EXERCISE DATA Start Marker

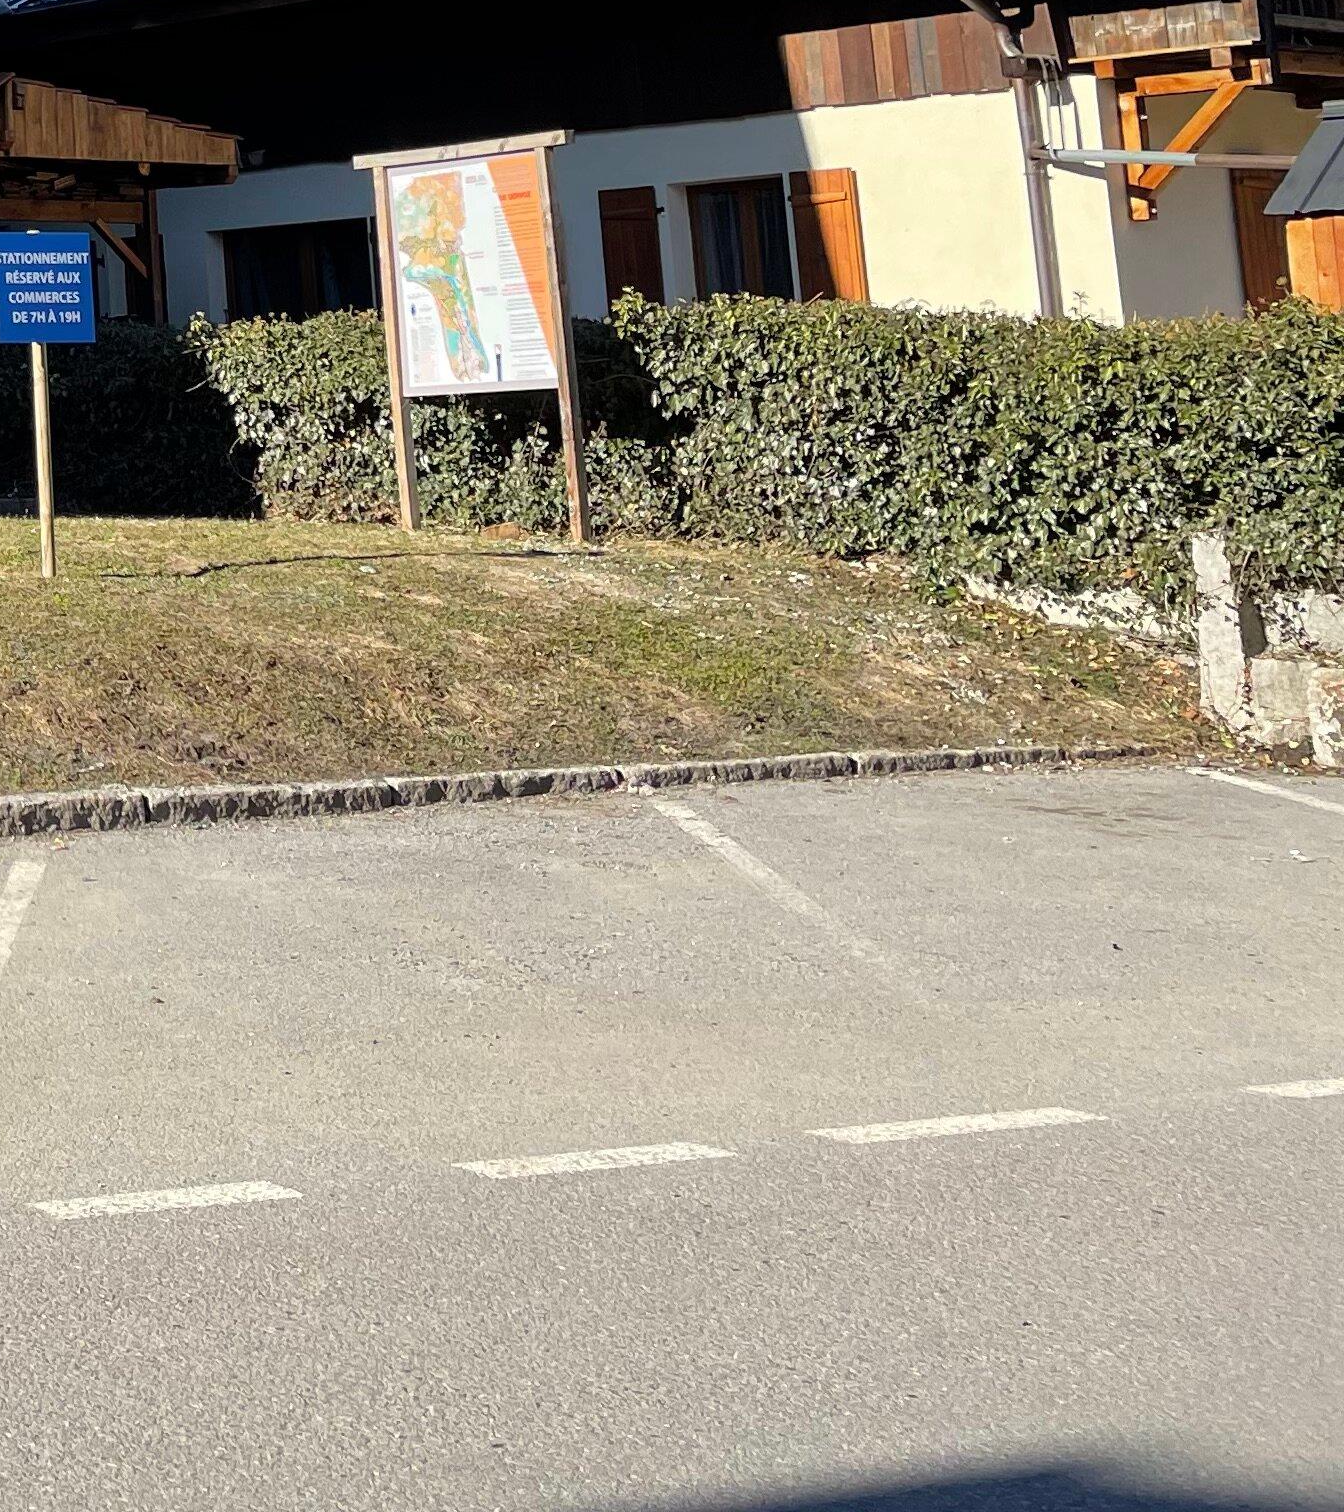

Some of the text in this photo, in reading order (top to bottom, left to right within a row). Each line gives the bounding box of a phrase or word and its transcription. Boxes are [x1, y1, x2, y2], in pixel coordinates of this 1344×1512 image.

[5, 270, 81, 284] RÉSERVÉ AUX
[8, 292, 80, 303] COMMERCES
[12, 308, 81, 323] DE 7H À 19H
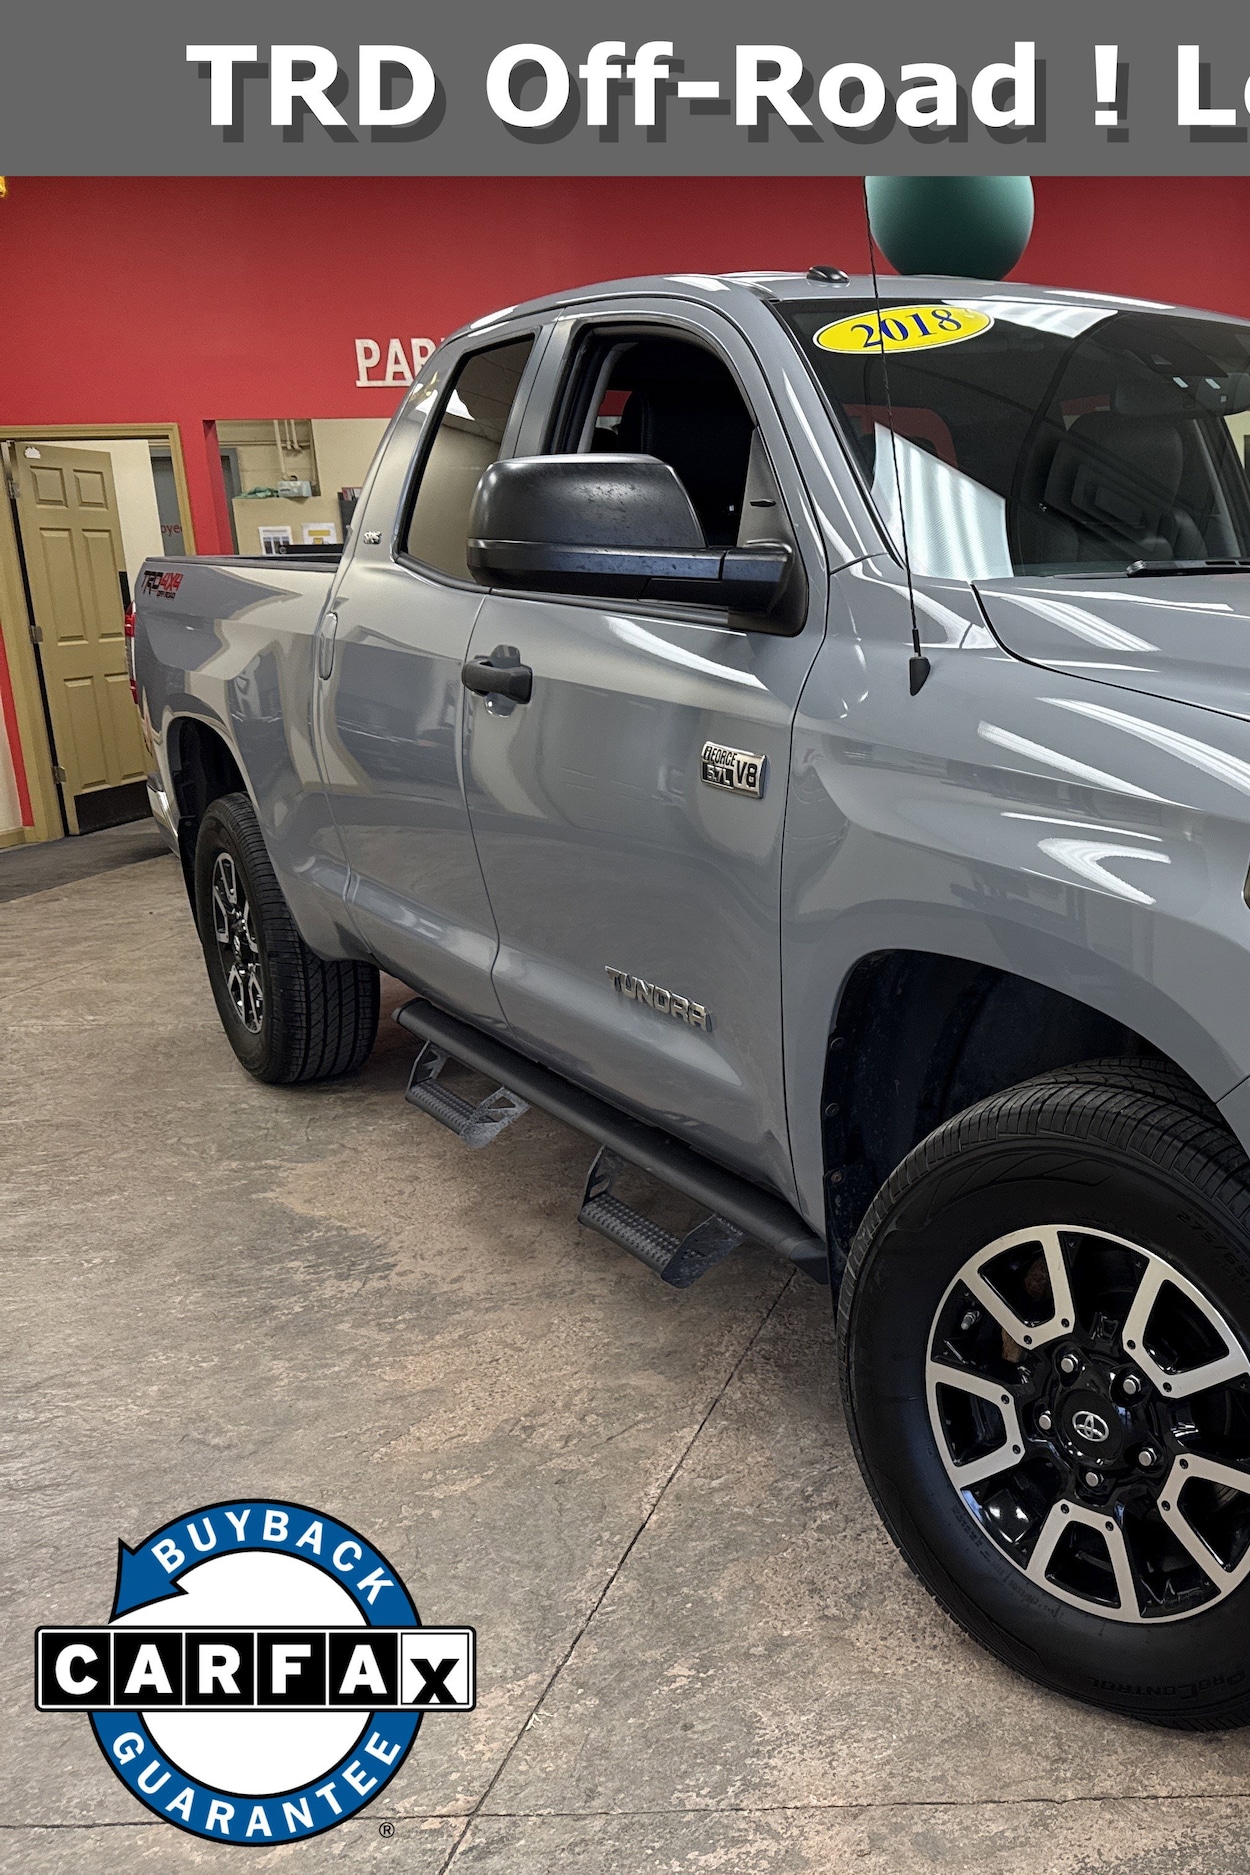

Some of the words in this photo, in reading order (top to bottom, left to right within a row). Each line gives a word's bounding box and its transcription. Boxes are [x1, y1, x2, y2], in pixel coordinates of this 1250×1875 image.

EXERCISE DATA End Marker

● **TASK ITEM**
The response should repeat each record precisely and contain no pictures.

● **PROBLEM SOLUTION**
Some of the text in this photo, in reading order (top to bottom, left to right within a row). Each line gives the bounding box of a phrase or word and its transcription. Boxes are [x1, y1, x2, y2], in pixel coordinates of this 1344×1512 image.

[5, 270, 81, 284] RÉSERVÉ AUX
[8, 292, 80, 303] COMMERCES
[12, 308, 81, 323] DE 7H À 19H

Some of the words in this photo, in reading order (top to bottom, left to right within a row). Each line gives a word's bounding box and its transcription. Boxes are [x1, y1, x2, y2], in pixel coordinates of this 1250×1875 image.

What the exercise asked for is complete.